#### TASK DIRECTIONS:
In the copy, keep every line below as it is and leave out the pictures.

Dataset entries
- Opening Delimiter -

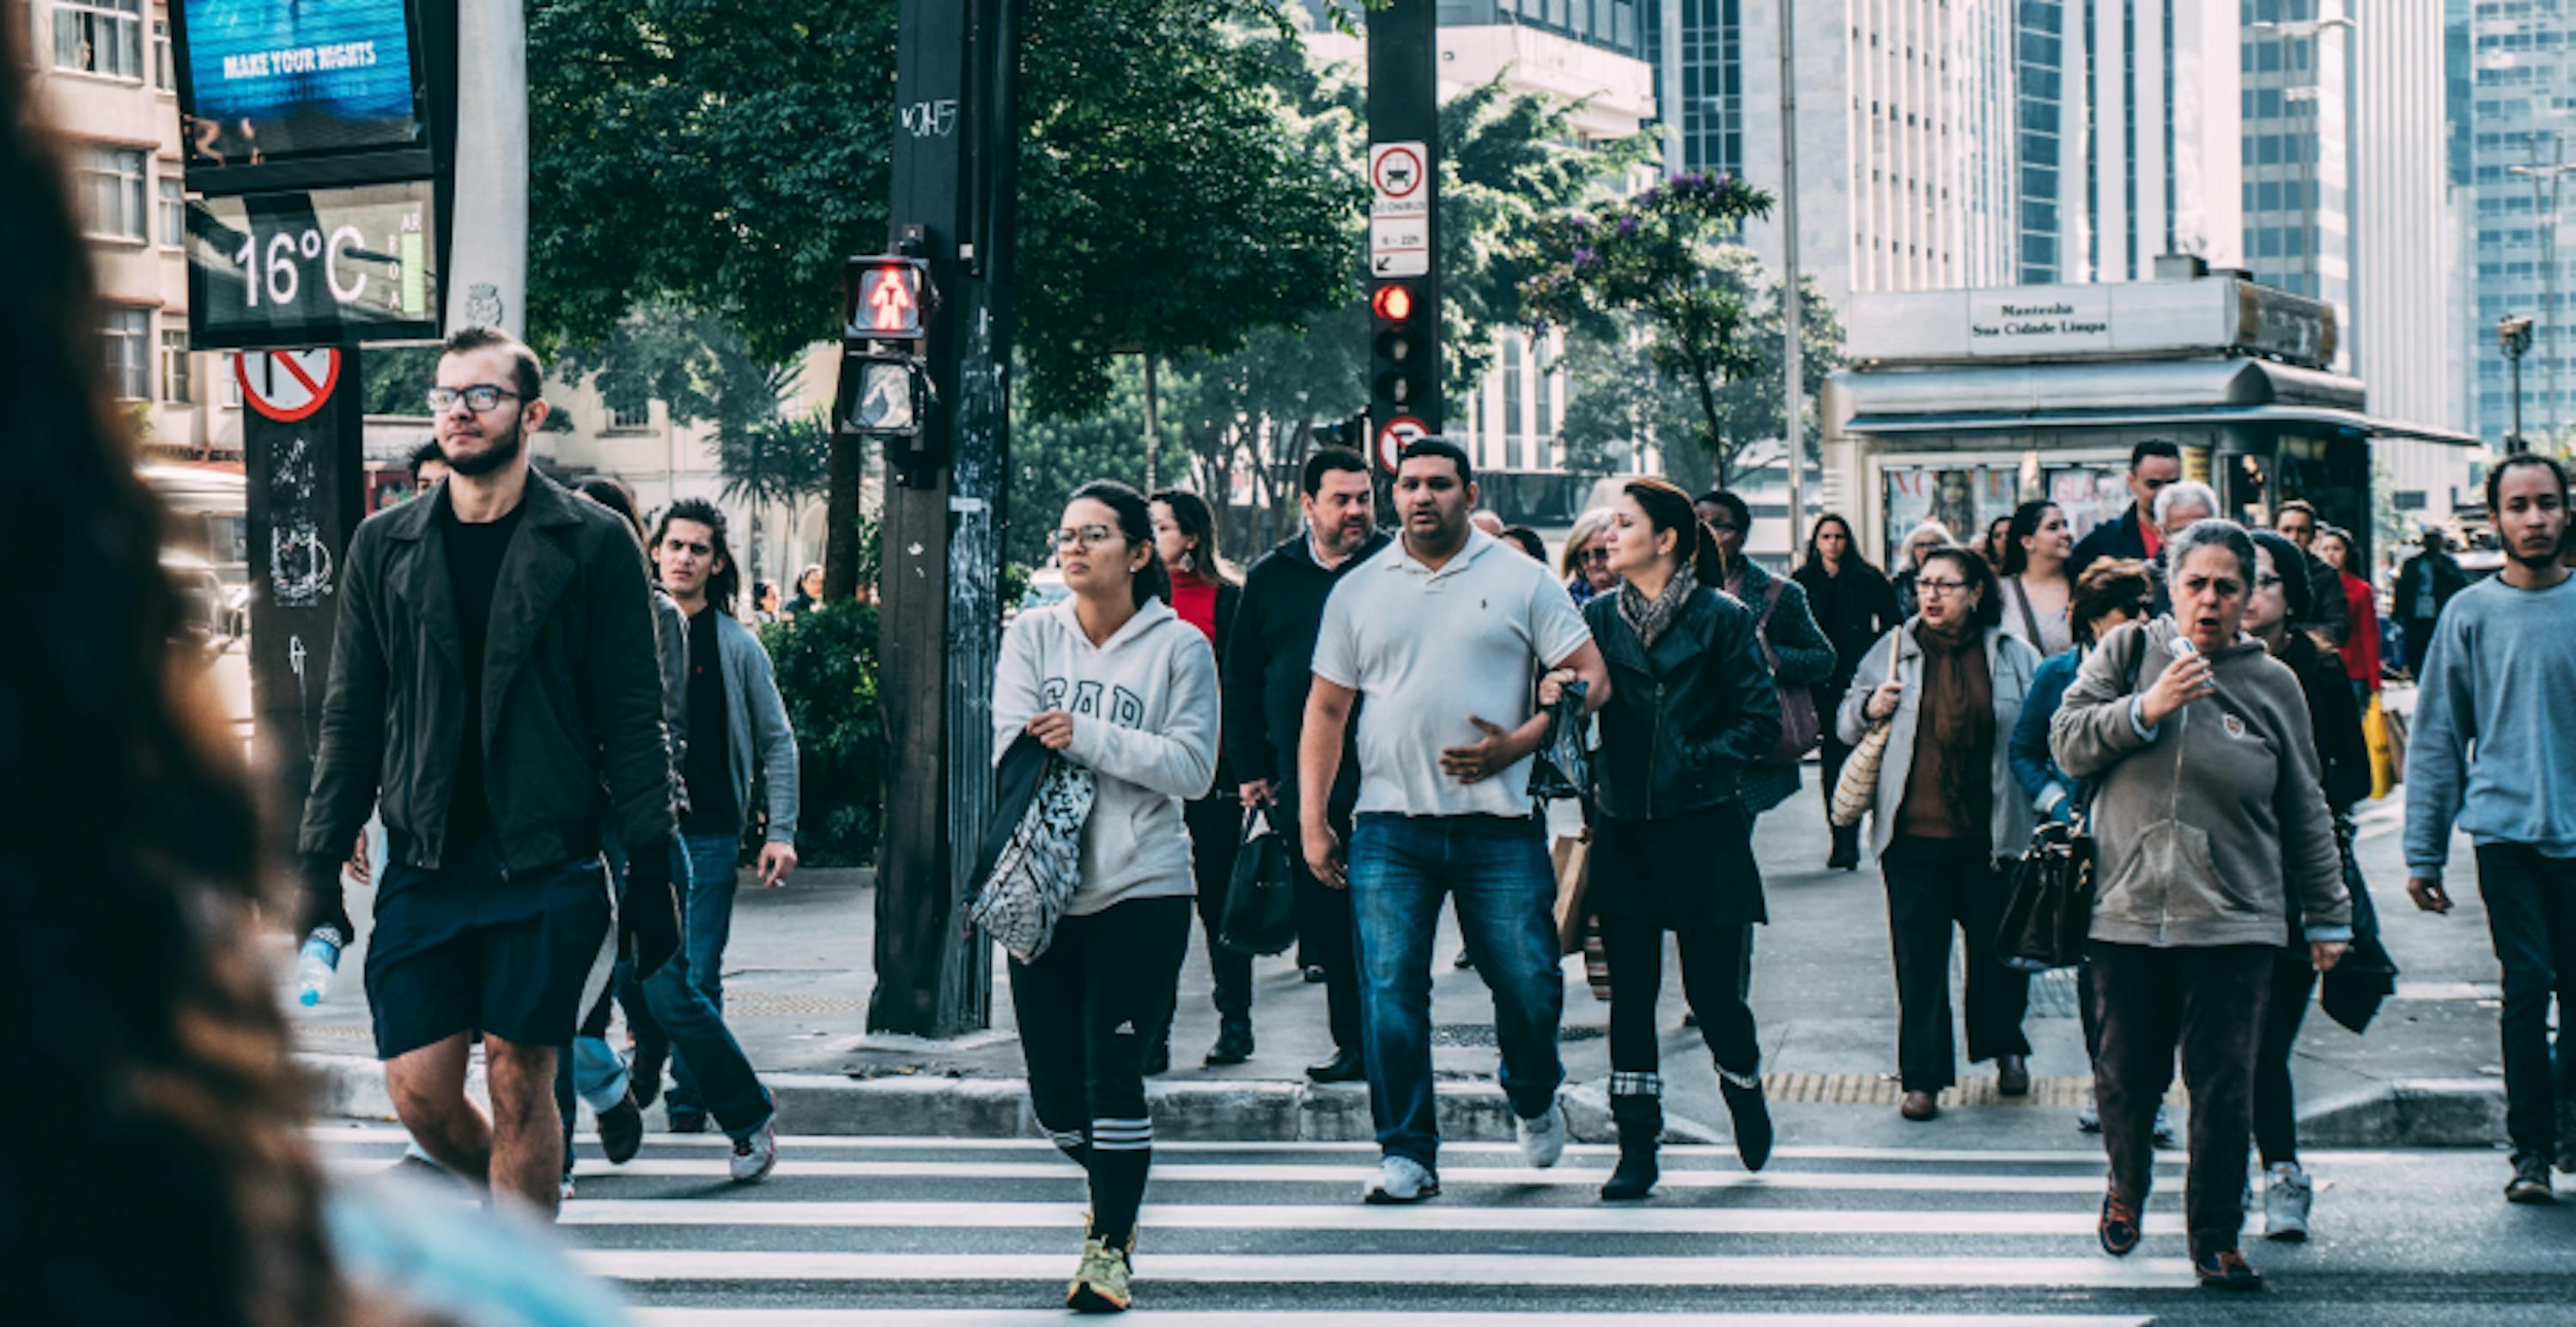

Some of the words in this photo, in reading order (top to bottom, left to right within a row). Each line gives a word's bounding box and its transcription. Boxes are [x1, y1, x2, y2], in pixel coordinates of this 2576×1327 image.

[223, 52, 270, 80] MAKE
[270, 47, 316, 75] YOUR
[317, 41, 376, 70] NIGHTS
[2001, 302, 2075, 317] Mantenha
[1971, 323, 2001, 338] Sua
[2004, 320, 2057, 336] Cidade
[2061, 319, 2107, 335] Limpa
[2052, 474, 2100, 502] GLA
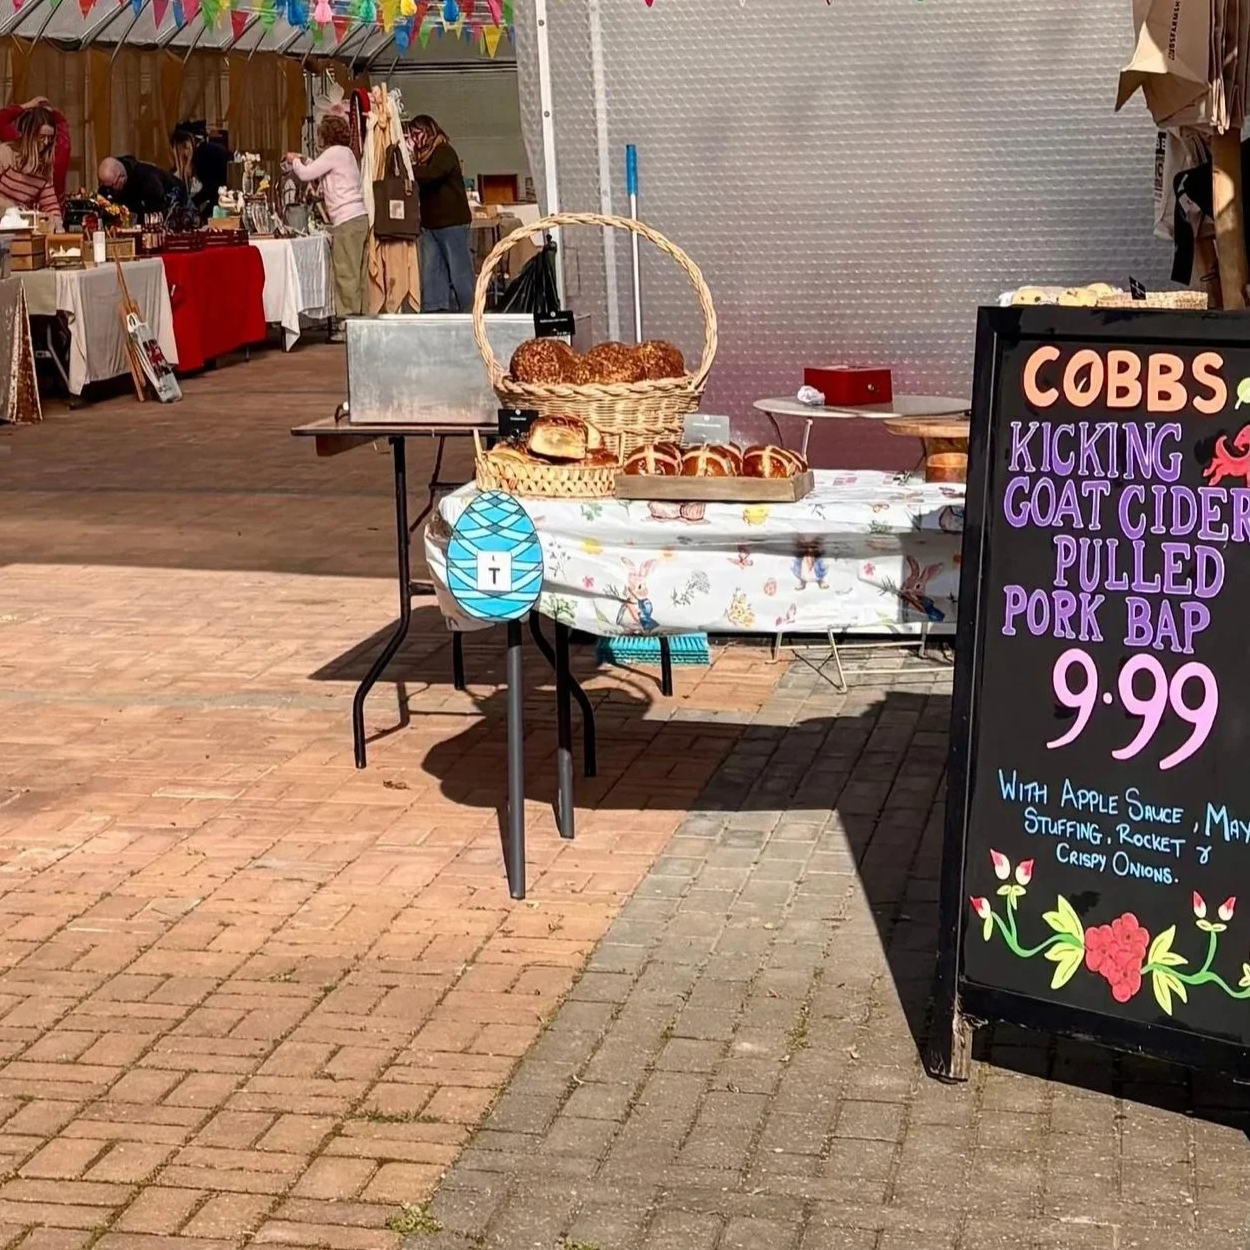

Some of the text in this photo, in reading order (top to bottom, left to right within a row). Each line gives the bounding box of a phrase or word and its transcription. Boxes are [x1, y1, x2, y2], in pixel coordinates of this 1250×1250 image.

[1023, 345, 1228, 415] COBBS
[1008, 421, 1183, 482] KICKING
[1003, 476, 1250, 542] GOAT CIDER
[1053, 534, 1226, 598] PULLED
[1001, 584, 1211, 654] PORK BAP
[1046, 648, 1219, 770] 9.99
[998, 768, 1048, 805] WITH
[1060, 778, 1119, 815] APPLE
[1056, 842, 1107, 872] CRISPY
[1116, 823, 1187, 858] ROCKET
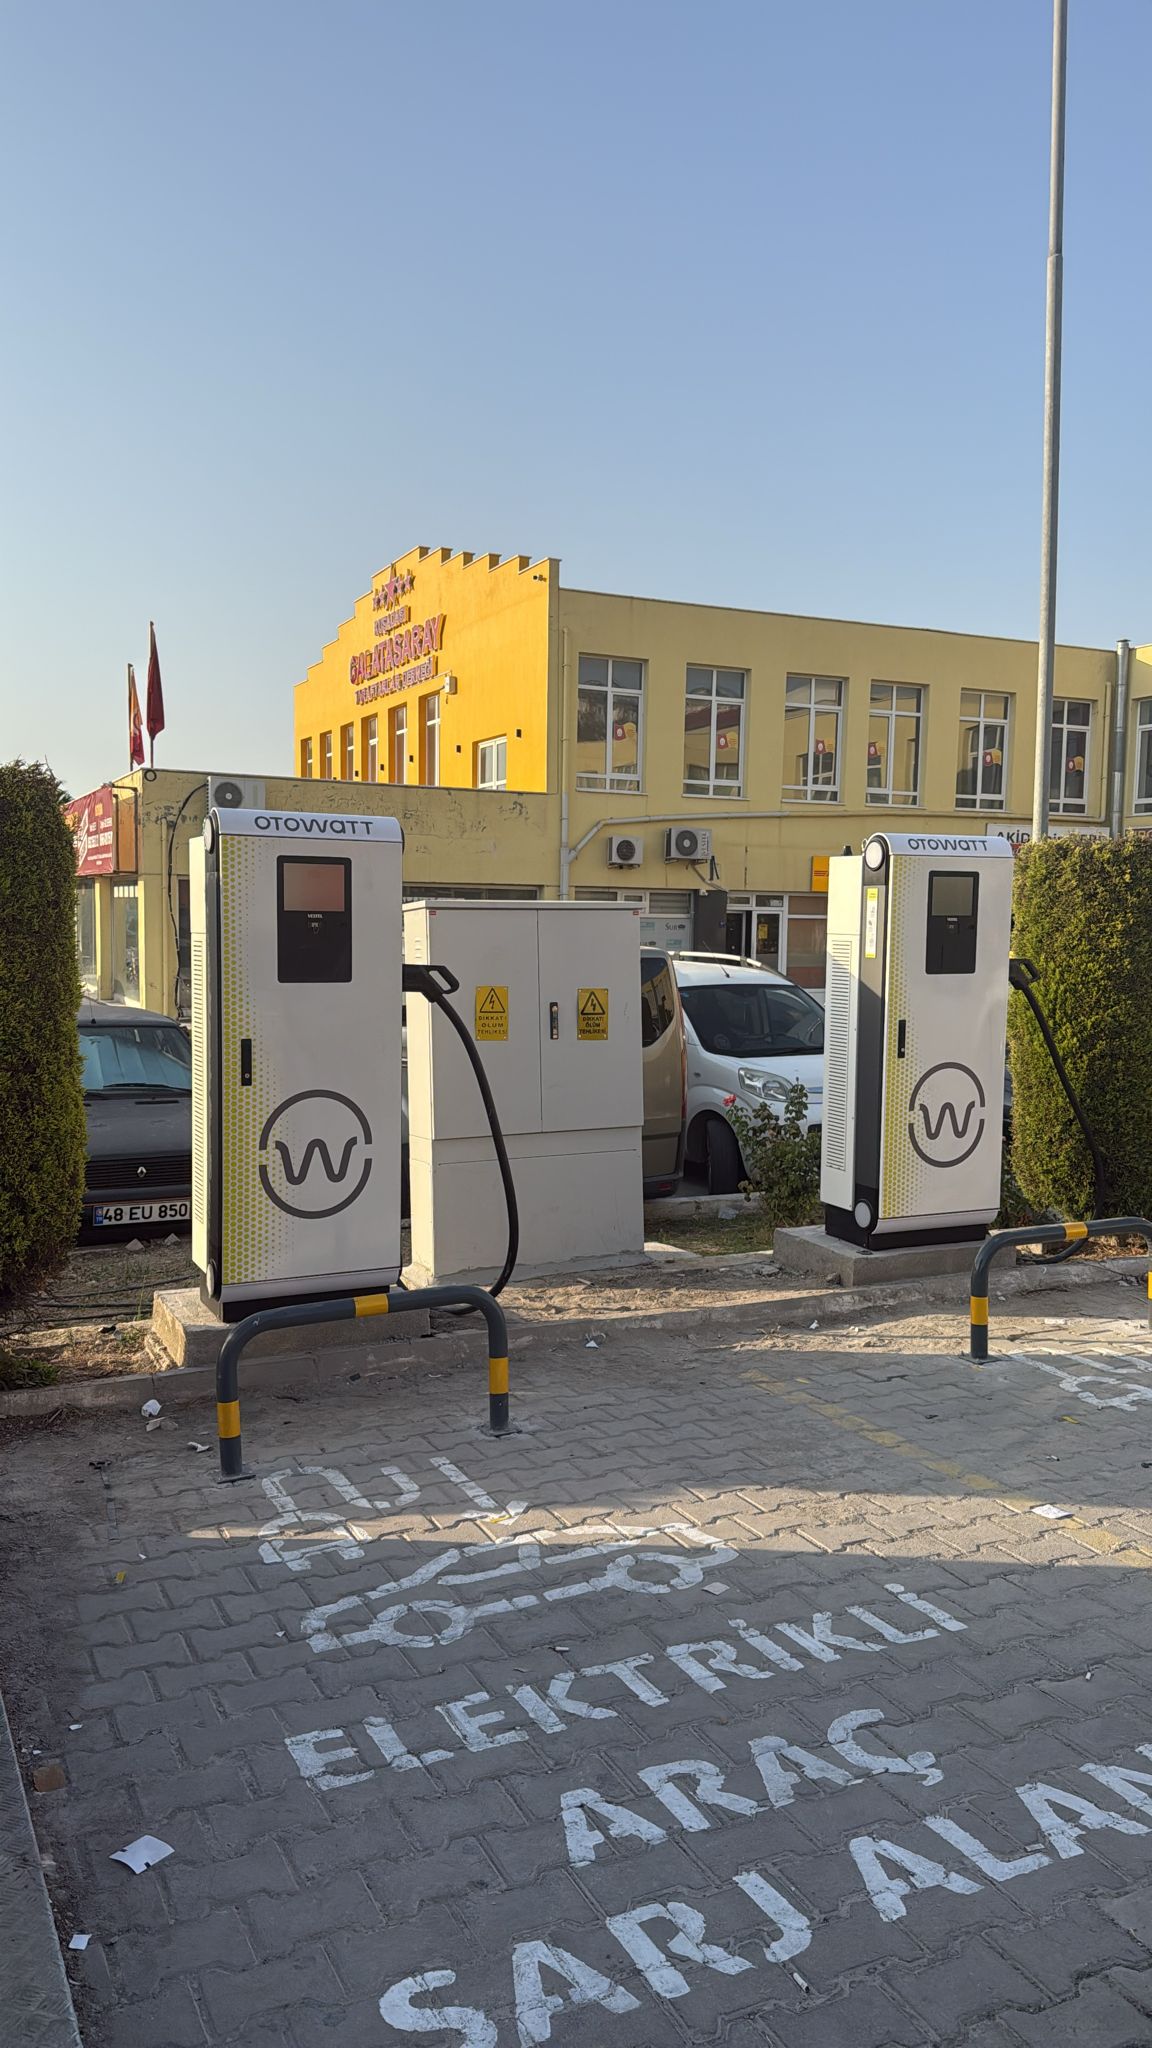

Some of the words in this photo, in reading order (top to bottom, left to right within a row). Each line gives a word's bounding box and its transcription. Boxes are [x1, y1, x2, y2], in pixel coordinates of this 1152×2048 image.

- Closing Delimiter -

#### WRITTEN ANSWER:
Some of the words in this photo, in reading order (top to bottom, left to right within a row). Each line gives a word's bounding box and its transcription. Boxes are [x1, y1, x2, y2], in pixel coordinates of this 2576×1327 image.

[223, 52, 270, 80] MAKE
[270, 47, 316, 75] YOUR
[317, 41, 376, 70] NIGHTS
[2001, 302, 2075, 317] Mantenha
[1971, 323, 2001, 338] Sua
[2004, 320, 2057, 336] Cidade
[2061, 319, 2107, 335] Limpa
[2052, 474, 2100, 502] GLA

Some of the text in this photo, in reading order (top to bottom, left to right within a row). Each line gives the bounding box of a phrase or word and its transcription. Boxes are [x1, y1, x2, y2], in pixel coordinates of this 1250×1250 image.

[1023, 345, 1228, 415] COBBS
[1008, 421, 1183, 482] KICKING
[1003, 476, 1250, 542] GOAT CIDER
[1053, 534, 1226, 598] PULLED
[1001, 584, 1211, 654] PORK BAP
[1046, 648, 1219, 770] 9.99
[998, 768, 1048, 805] WITH
[1060, 778, 1119, 815] APPLE
[1056, 842, 1107, 872] CRISPY
[1116, 823, 1187, 858] ROCKET

Some of the words in this photo, in reading order (top to bottom, left to right within a row). Each line gives a word's bounding box and its transcription. Boxes are [x1, y1, x2, y2], in pixel coordinates of this 1152×2048 image.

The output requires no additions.